Encouraging demand improvement despite Q3 miss

Q3 adj. EBITA came in 9% below ABGSCe and 4% below FactSet consensus, mainly driven by a lower margin in Supply Chain Solutions (SCS) and lower sales in Print & Packaging (PPS). While SCS posted solid organic growth of 5%, the 7.2% adj. EBITA margin (ABGSCe 7.4%, consensus 7.8%) was disappointing. Apart from Electronics, which continued to experience good demand, and Other, most customer segments missed our expectations. The North American market remained weak while demand improved in Europe, and Asia stabilised.

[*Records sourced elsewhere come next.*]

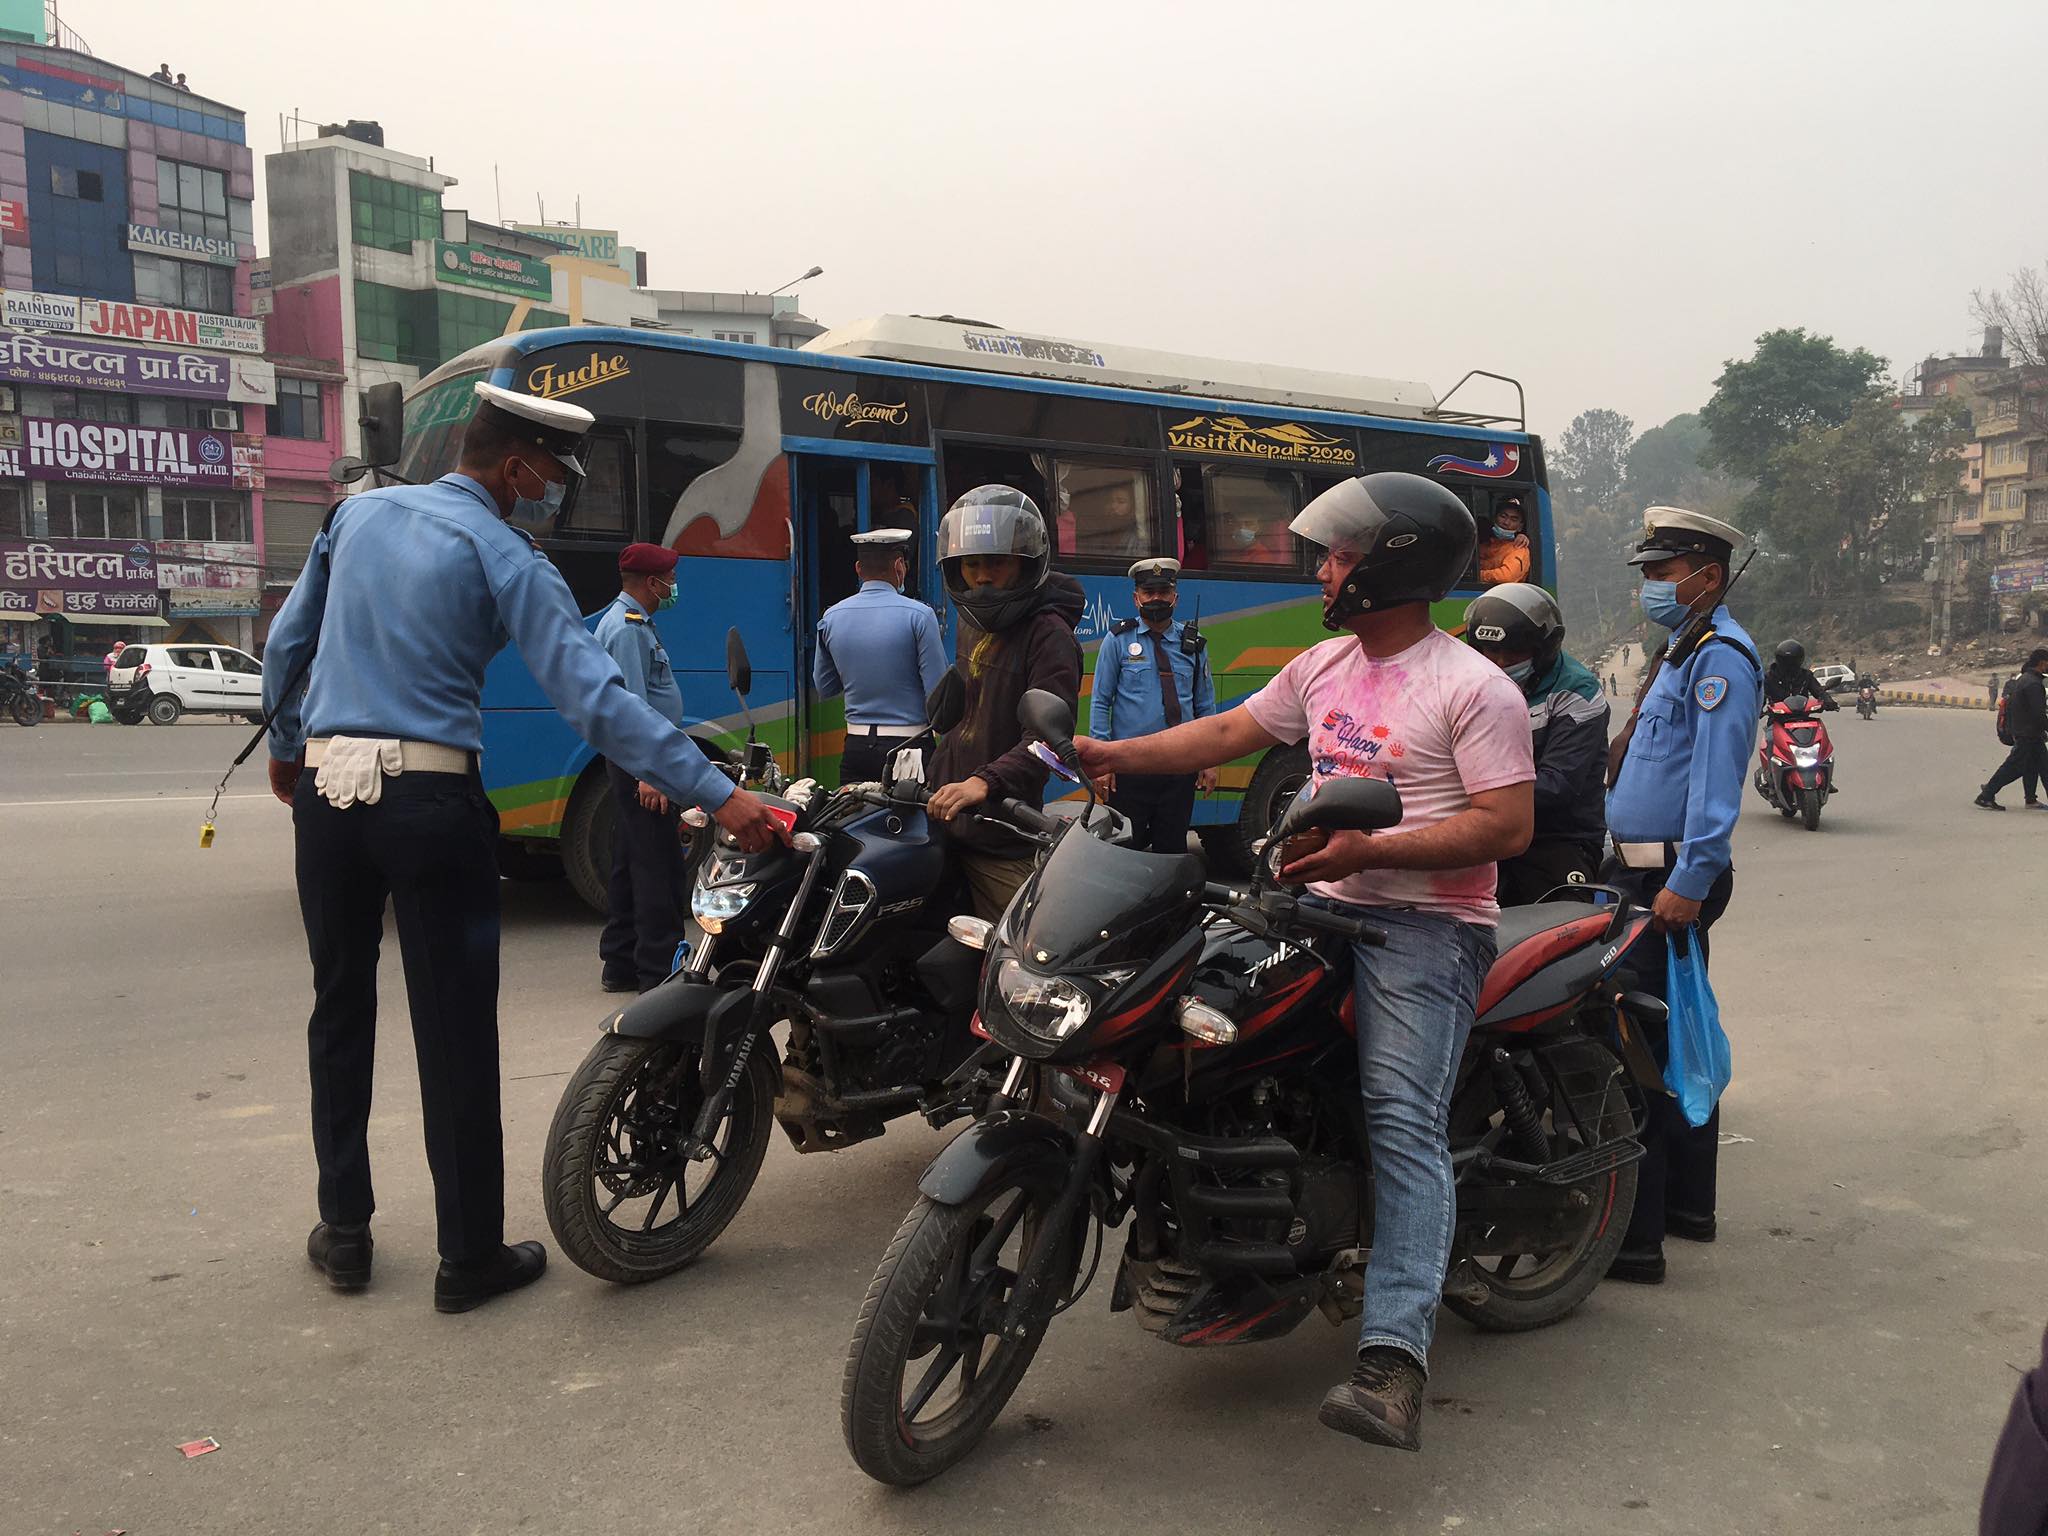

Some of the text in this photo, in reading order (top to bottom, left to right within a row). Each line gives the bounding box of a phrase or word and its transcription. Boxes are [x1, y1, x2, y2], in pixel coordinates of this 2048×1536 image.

[128, 224, 236, 257] KAKEHASHI
[7, 299, 75, 318] RAINBOW
[90, 302, 198, 345] JAPAN
[198, 315, 258, 331] AUSTRALIA/UK
[237, 341, 259, 351] CLASS
[802, 391, 908, 426] Welcome
[28, 420, 197, 474] HOSPITAL
[1239, 434, 1300, 459] Nepal
[1309, 445, 1356, 462] 2020
[4, 543, 125, 580] हस्पिटल
[1337, 722, 1382, 760] Happy
[1334, 751, 1371, 777] Holi
[1600, 946, 1618, 967] 150
[726, 1032, 757, 1088] YAMAHA
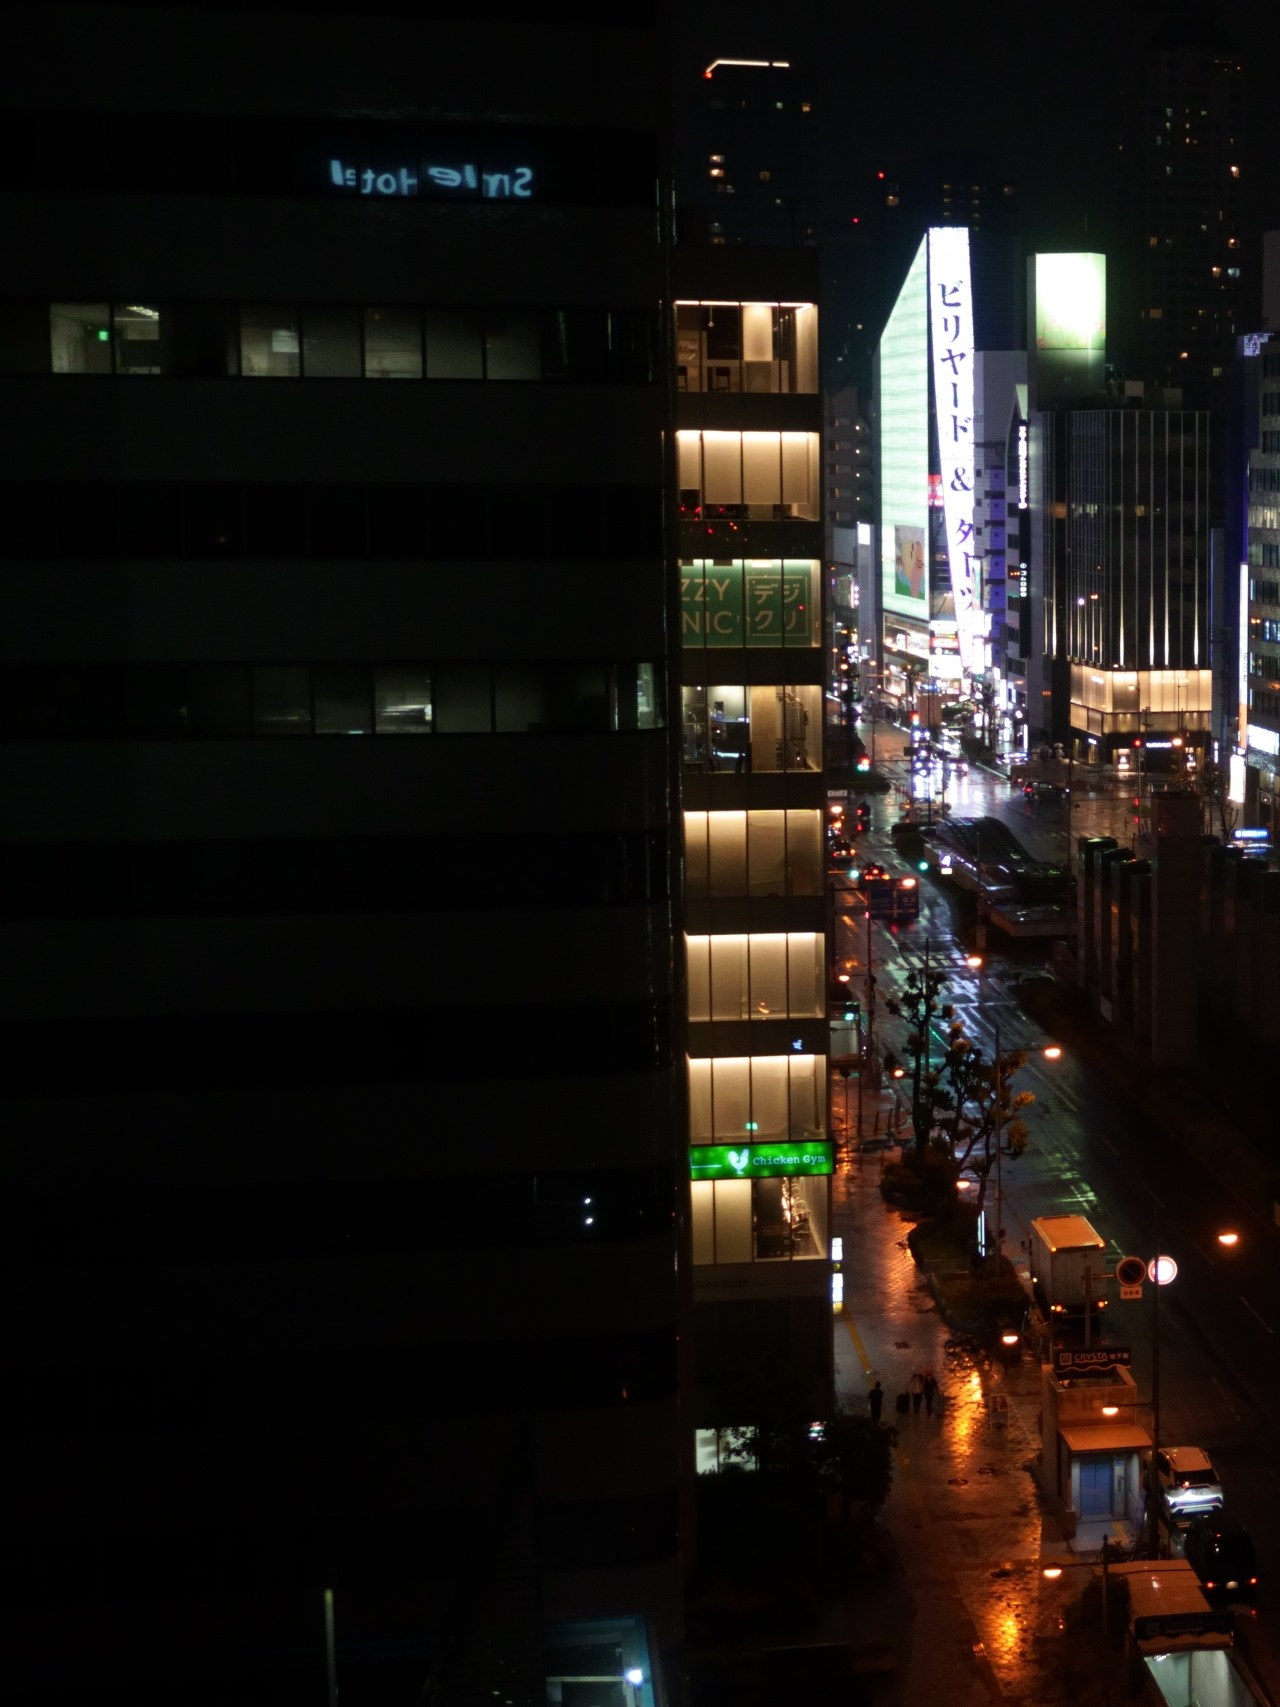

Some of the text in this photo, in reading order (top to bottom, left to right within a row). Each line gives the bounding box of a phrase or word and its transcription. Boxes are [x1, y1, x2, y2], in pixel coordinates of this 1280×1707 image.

[938, 280, 972, 443] ビリヤード
[950, 467, 974, 492] &
[754, 583, 800, 604] デジ
[682, 610, 733, 634] NIC
[755, 610, 797, 630] クリ
[753, 1154, 826, 1165] Chicken Gym
[1074, 1352, 1108, 1361] CRYSTA
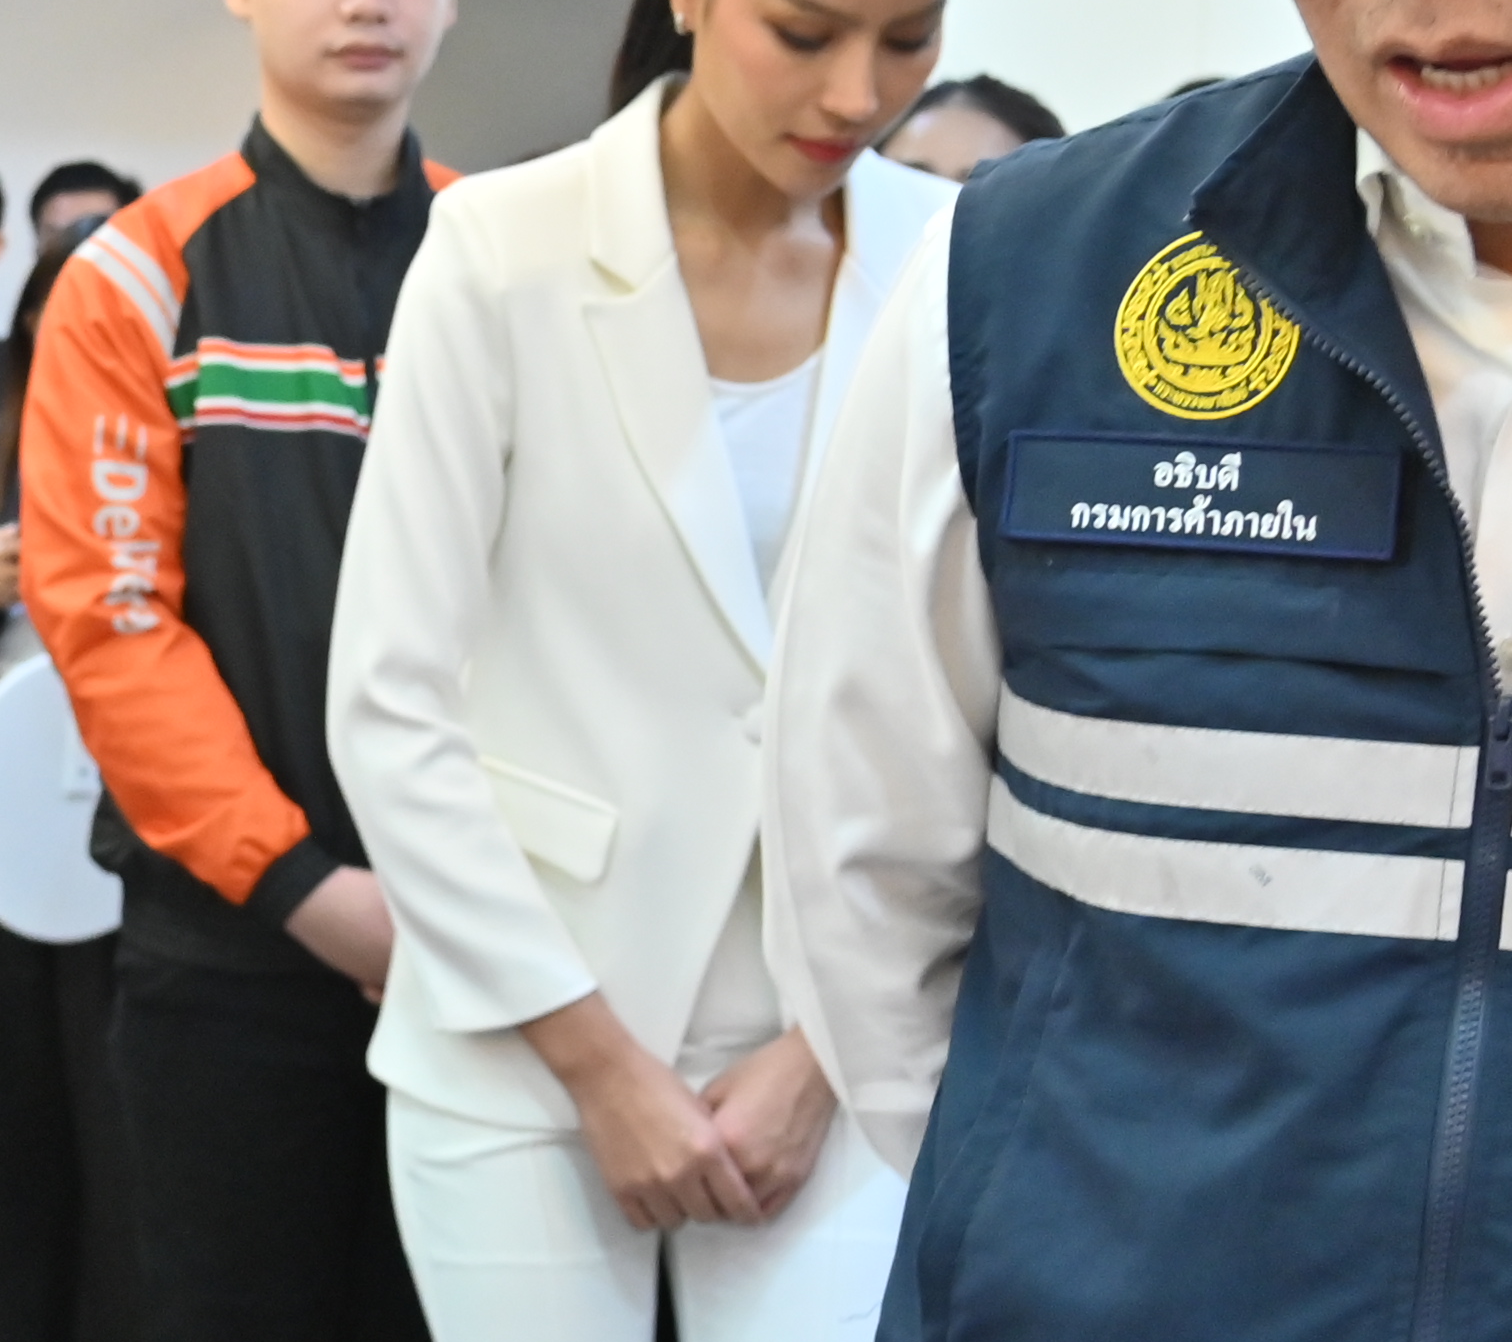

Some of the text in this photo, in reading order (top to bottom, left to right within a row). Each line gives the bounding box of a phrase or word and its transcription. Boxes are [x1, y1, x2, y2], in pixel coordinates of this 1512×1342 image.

[1153, 450, 1243, 491] อธิบดี
[1070, 493, 1319, 542] กรมการค้าภายใน

PPS saw negative organic growth, causing the margin (4.9% vs. ABGSCe 6.5%) to miss expectations. While Elanders still cites high uncertainty, we were encouraged by the maintained outlook of a continued gradual demand improvement. The reevaluation of the Kammac earnout had a positive effect on reported earnings. While it is negative that Kammac has not lived up to 2024 expectations, we find this positive as the outlook is improving. OPCF at SEK 279m amid higher NWC was disappointing but was due to higher growth. ND/EBITDA of 3.7x was on the high side, but we are not too concerned.